Ingestion (The Real Numbers)

  • Loki: 8 TB/day
  • Elasticsearch: 2 TB/day
  • Thanos: 1 TB/day
  • Combined: ~11 TB/day

14. War Stories

The Champions League Final Incident

  • Context: Gambling platform — when a match settles (especially Champions League final), 10,000+ users connect within the SAME MINUTE. Business-driven traffic spike, not a DDoS, but hits like one.
  • The change: Migrated firewall to nftables. Worked fine for 30 days.
  • The incident: During a Champions League final, massive user spike. nftables conntrack table filled up → some users couldn’t connect, others could. TCP window times were extremely long.
  • The fix: Killed all HAProxy and nftables, bumped nftables conntrack limits, set aggressive TCP windows and TTL values.
  • How they found it: Grafana dashboard caught the anomaly.
  • Lesson: Conntrack sizing matters for bursty traffic. Default values don’t survive gambling-scale spikes.

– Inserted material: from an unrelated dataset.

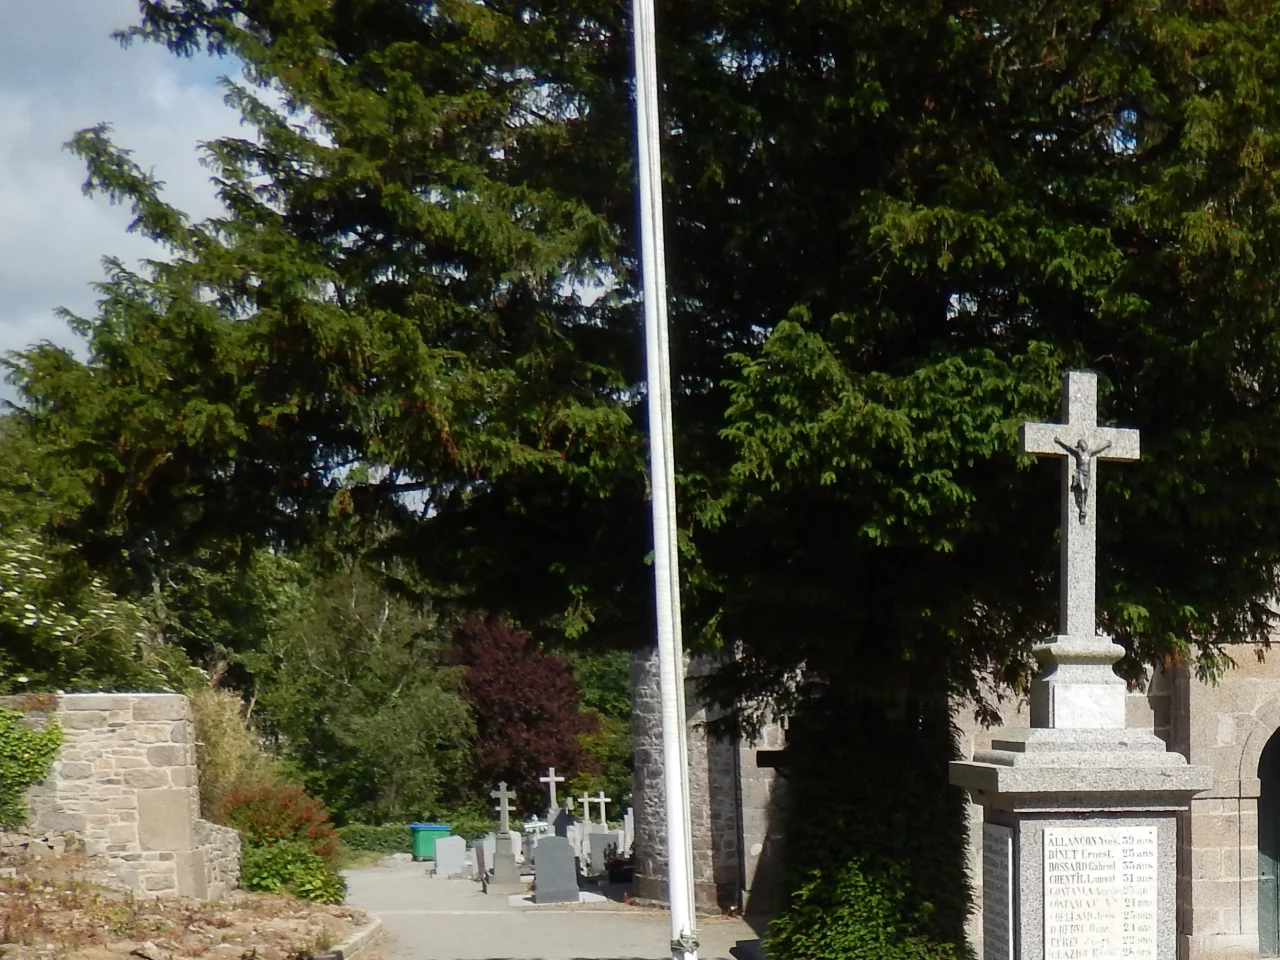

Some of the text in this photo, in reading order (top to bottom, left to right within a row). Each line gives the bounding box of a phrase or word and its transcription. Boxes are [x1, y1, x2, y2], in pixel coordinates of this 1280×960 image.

[1122, 849, 1135, 858] 25
[1048, 862, 1088, 872] BOSSARD
[1088, 861, 1116, 871] Gabriel

16. Migration Projects (Detail)

a. vSphere → Proxmox Migration

  • Driver: vSphere licenses costly + EoL
  • Approach: Installed Proxmox, converted/rebuilt VMs node by node from vSphere
  • Storage: Pure Storage SAN with NVMe-oF (MultipathD)
  • Backup: Found and integrated Proxmox Backup Server as part of the migration

b. Proxmox 4 → Proxmox 8 Upgrade

  • Old cluster: 6 nodes, Proxmox 4
  • New cluster: 4 nodes, Proxmox 8
  • Challenge: OpenVZ containers to convert with zero or low downtime
  • Solution: Used NFS as a buffer storage during the migration

c. OpenStack DC → OpenStack DC Migration

  • Driver: Source DC got decommissioned
  • Approach: Used Terraform to rebuild VMs, Ansible to install, then switched HAProxy backends to new DC bit by bit

d. Elasticsearch 200TB Cluster Migration

  • Scope: 200TB ES cluster, DC to DC
  • Approach: Rebuilt nodes 1 by 1 in the new DC, waited for shard rebalancing or forced shards to new nodes

17. Graphia — Pain Points Solved

The Problem

  • Grafana dashboards require deep expertise to build well (“need a PhD”)
  • Companies have 1000+ datasources — onboarding is slow
  • Query languages (LogQL, PromQL, Splunk SPL) are a barrier
  • Correlating metrics and logs across backends is manual and slow
  • Jumping on an alert incident means starting from scratch every time

What Graphia Does

  • Removes the need to be a dashboard expert
  • Abstracts away datasource complexity (fast onboarding)
  • Eliminates query language knowledge requirement
  • Correlates data across metrics and logs
  • Prepares a battle plan when jumping on an alert incident
  • RBAC-aware: team members get access only to their permitted resources
  • Usage tracking built in

18. Honesty Notes (from Sabri)

  • The 11TB/day observability stack was TEAM work, not solo. Don’t oversell as “I built this alone.”
  • Loki was mostly already there — his contribution was fine-tuning + Fluentd→Vector migration + recording rules
  • He didn’t deploy 100% of the 3000 VMs himself — he BUILT THE TOOLING that enabled it
  • Position as “operated and optimized” or “built the automation for” rather than “single-handedly ran”
  • He’d be nervous taking on a solo “build me a new rack that ingests 10TB/day” mission

15. The “Why Freelance” Story

Kindred Acquisition

  • Before Kindred acquired (specifically France): startup-like culture, 5 people in infra, 10 in dev. Things moved fast.
  • After acquisition: all process and drama. Speed died.
  • Took a voluntary departure plan (“Plan de départ volontaire”) — the financial runway made the exit possible.